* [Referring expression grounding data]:
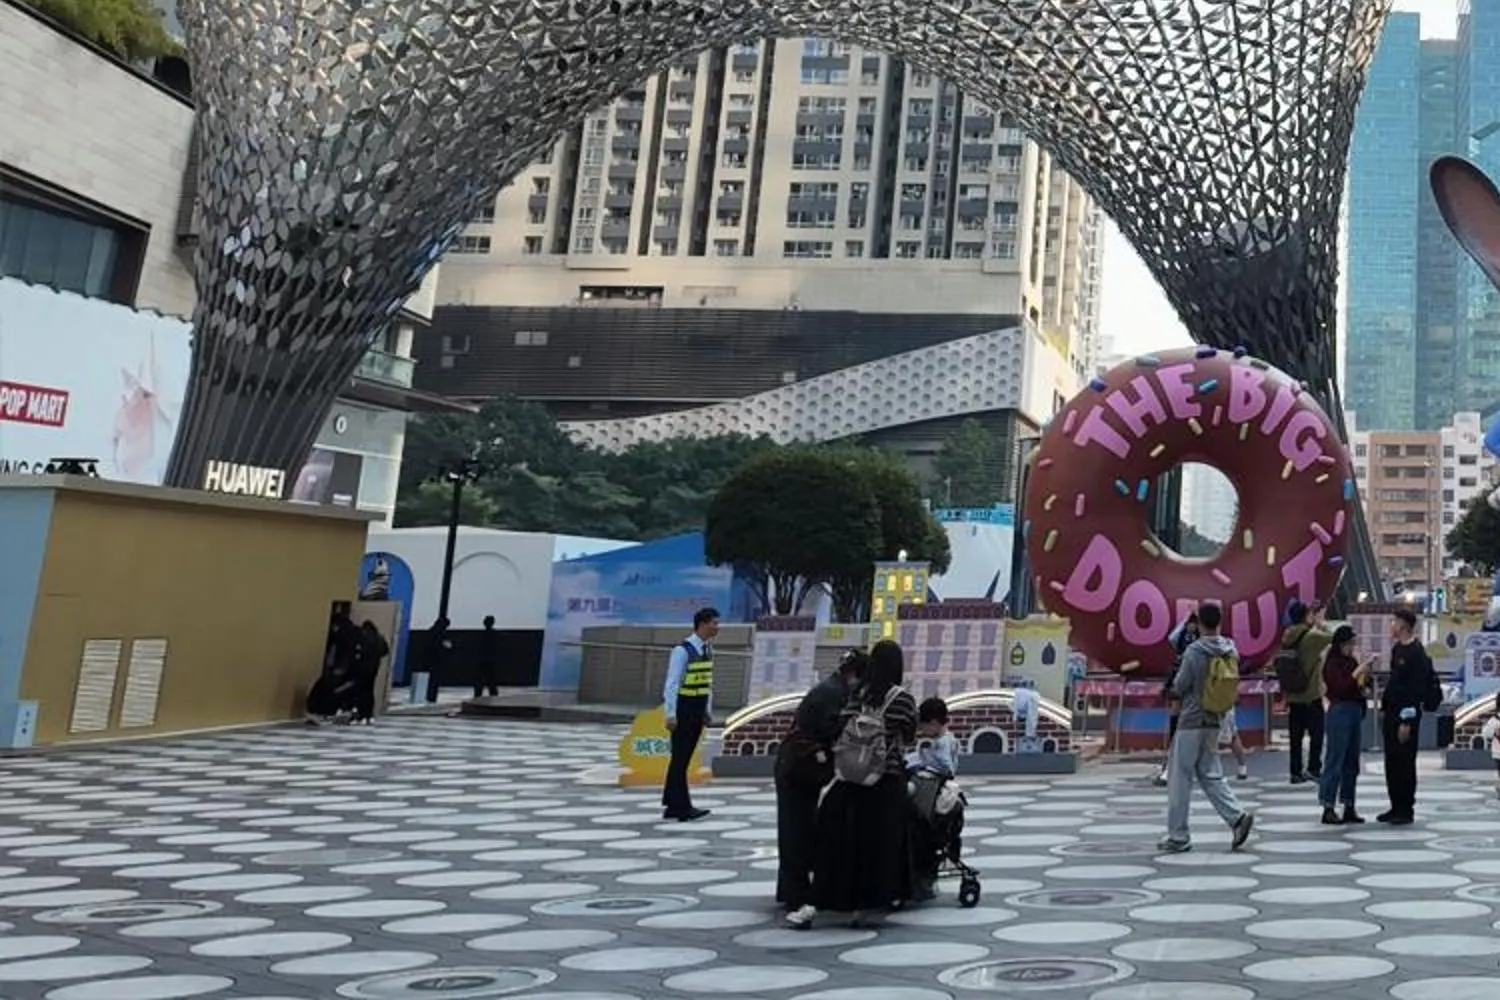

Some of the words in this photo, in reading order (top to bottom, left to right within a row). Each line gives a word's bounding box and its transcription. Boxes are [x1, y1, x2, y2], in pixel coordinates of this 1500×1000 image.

[0, 385, 27, 417] POP
[26, 391, 65, 424] MART
[1074, 363, 1201, 459] THE
[1228, 364, 1327, 472] BIG
[205, 460, 286, 498] HUAWEI

* [EXERCISE DIRECTIONS]:
For your answer, write out the data exactly and drop every picture.

* [RESPONSE BOX]:
Some of the words in this photo, in reading order (top to bottom, left to right within a row). Each line gives a word's bounding box and its transcription. Boxes are [x1, y1, x2, y2], in pixel coordinates of this 1500×1000 image.

[0, 385, 27, 417] POP
[26, 391, 65, 424] MART
[1074, 363, 1201, 459] THE
[1228, 364, 1327, 472] BIG
[205, 460, 286, 498] HUAWEI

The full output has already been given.